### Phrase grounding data
━━━━━━━━━━━━━━━━

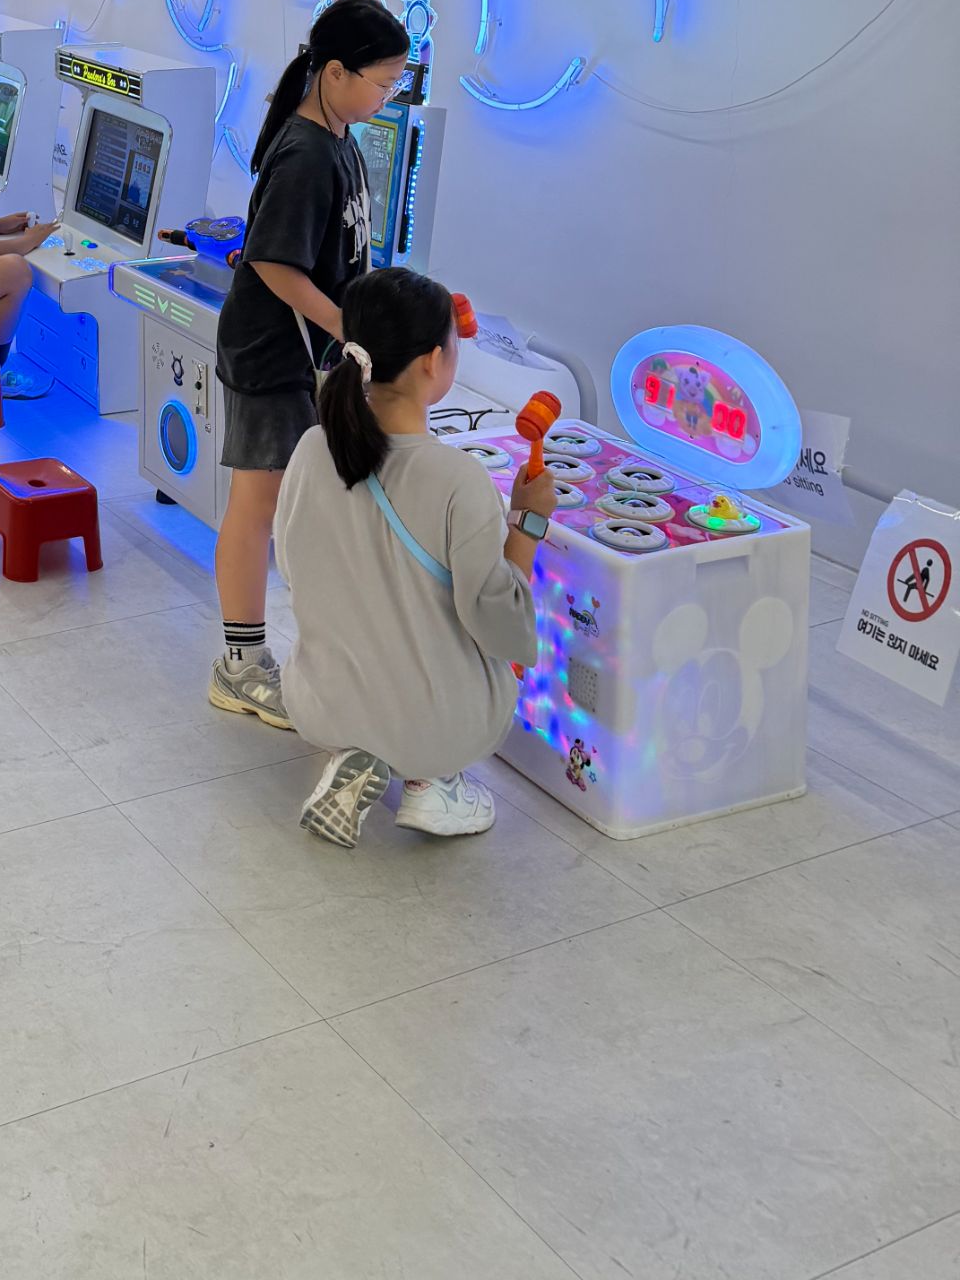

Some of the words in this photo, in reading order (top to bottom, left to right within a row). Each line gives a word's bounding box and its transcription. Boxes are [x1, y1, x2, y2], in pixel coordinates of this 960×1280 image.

[796, 448, 828, 476] 세요
[792, 475, 825, 496] sitting
[228, 647, 243, 661] H
[857, 618, 886, 644] 여기는
[887, 633, 908, 655] 앉지
[908, 644, 940, 671] 마세요
[251, 685, 273, 702] N
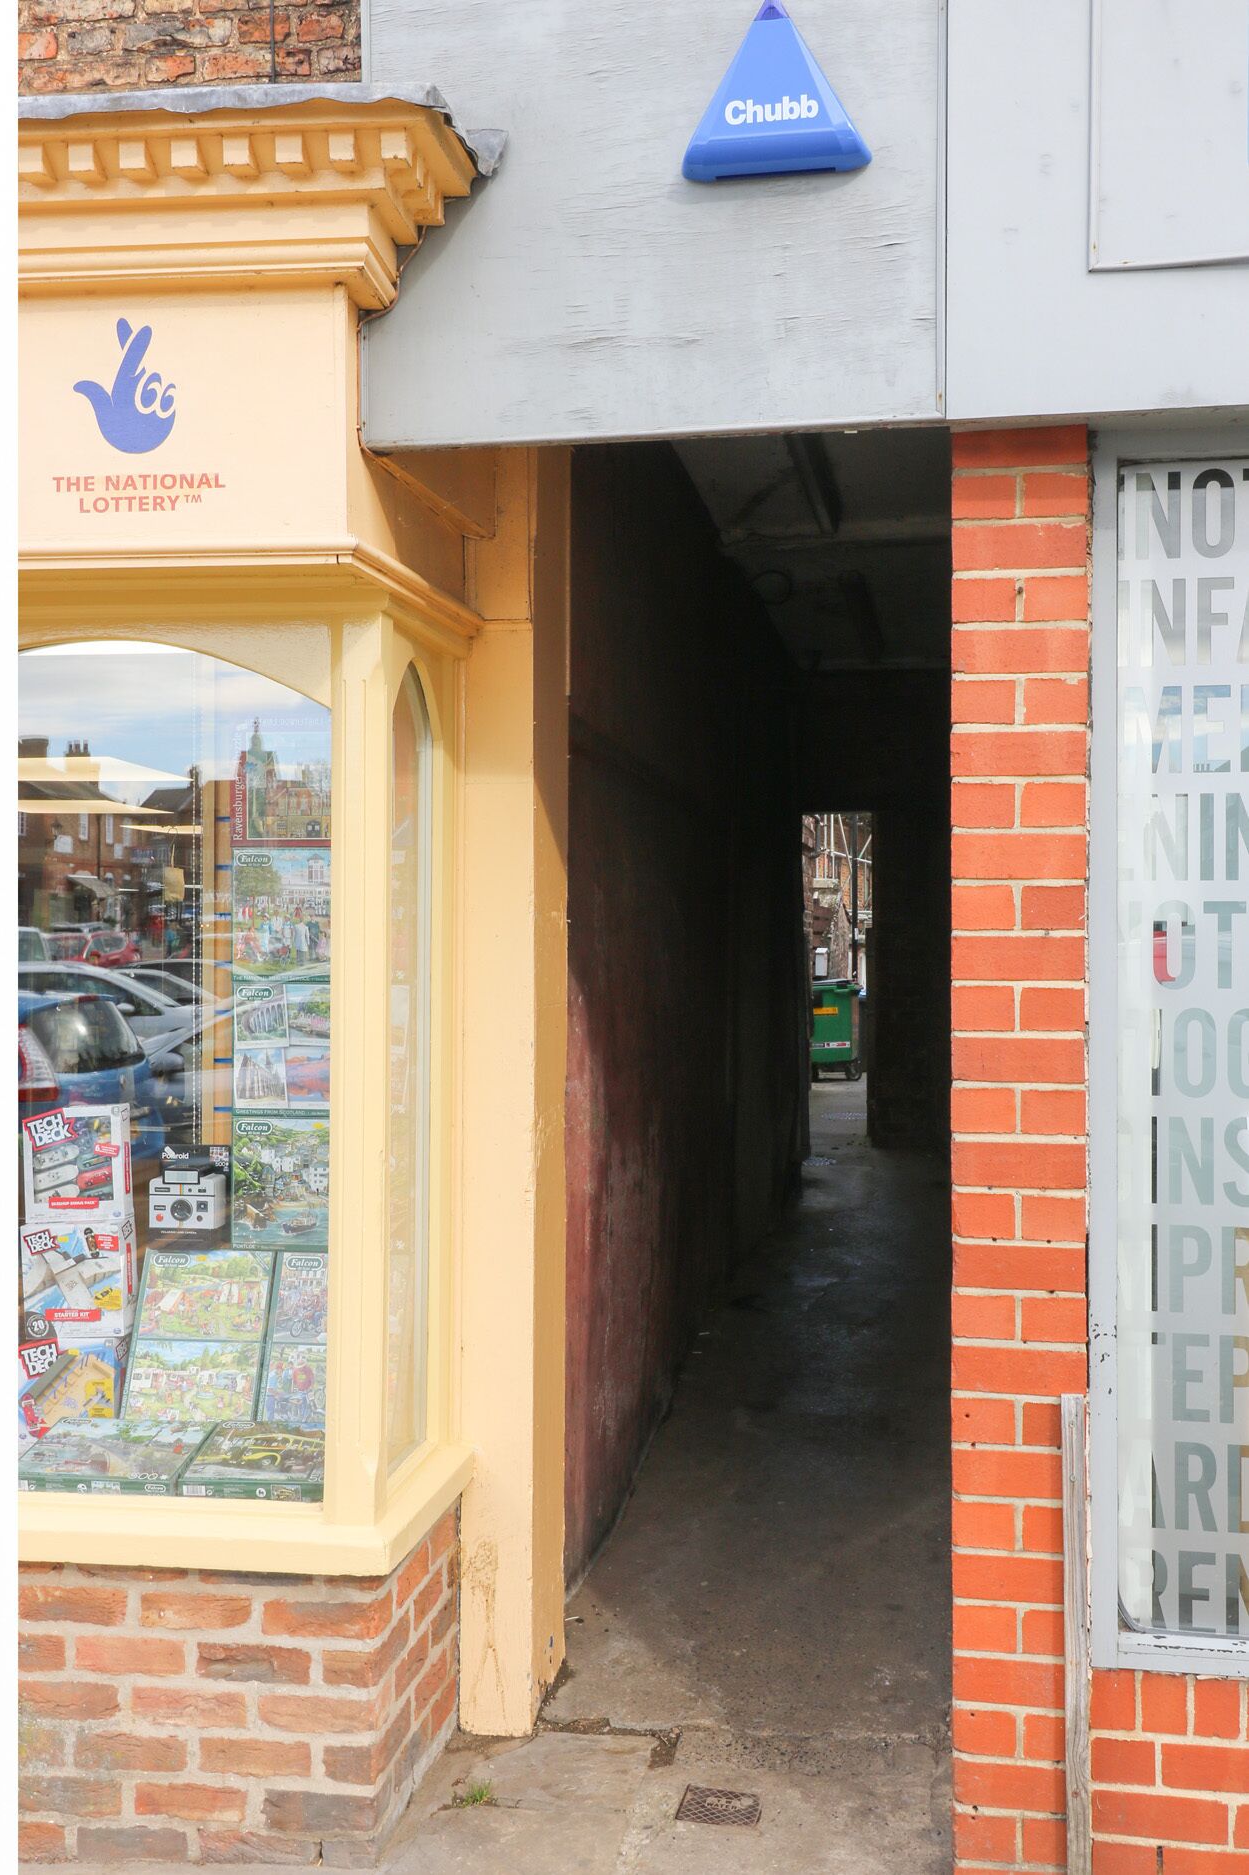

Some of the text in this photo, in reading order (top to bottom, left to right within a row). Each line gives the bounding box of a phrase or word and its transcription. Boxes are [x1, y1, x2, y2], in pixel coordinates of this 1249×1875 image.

━━━━━━━━━━━━━━━━

Omit every picture, and otherwise quote the entries exactly.

### Response
Some of the words in this photo, in reading order (top to bottom, left to right within a row). Each line gives a word's bounding box and its transcription. Boxes are [x1, y1, x2, y2], in pixel coordinates of this 960×1280 image.

[796, 448, 828, 476] 세요
[792, 475, 825, 496] sitting
[228, 647, 243, 661] H
[857, 618, 886, 644] 여기는
[887, 633, 908, 655] 앉지
[908, 644, 940, 671] 마세요
[251, 685, 273, 702] N

Some of the text in this photo, in reading order (top to bottom, left to right within a row). Each line gives the bounding box of a phrase or word and its transcription. Boxes are [x1, y1, x2, y2], in pixel coordinates of this 1249×1875 image.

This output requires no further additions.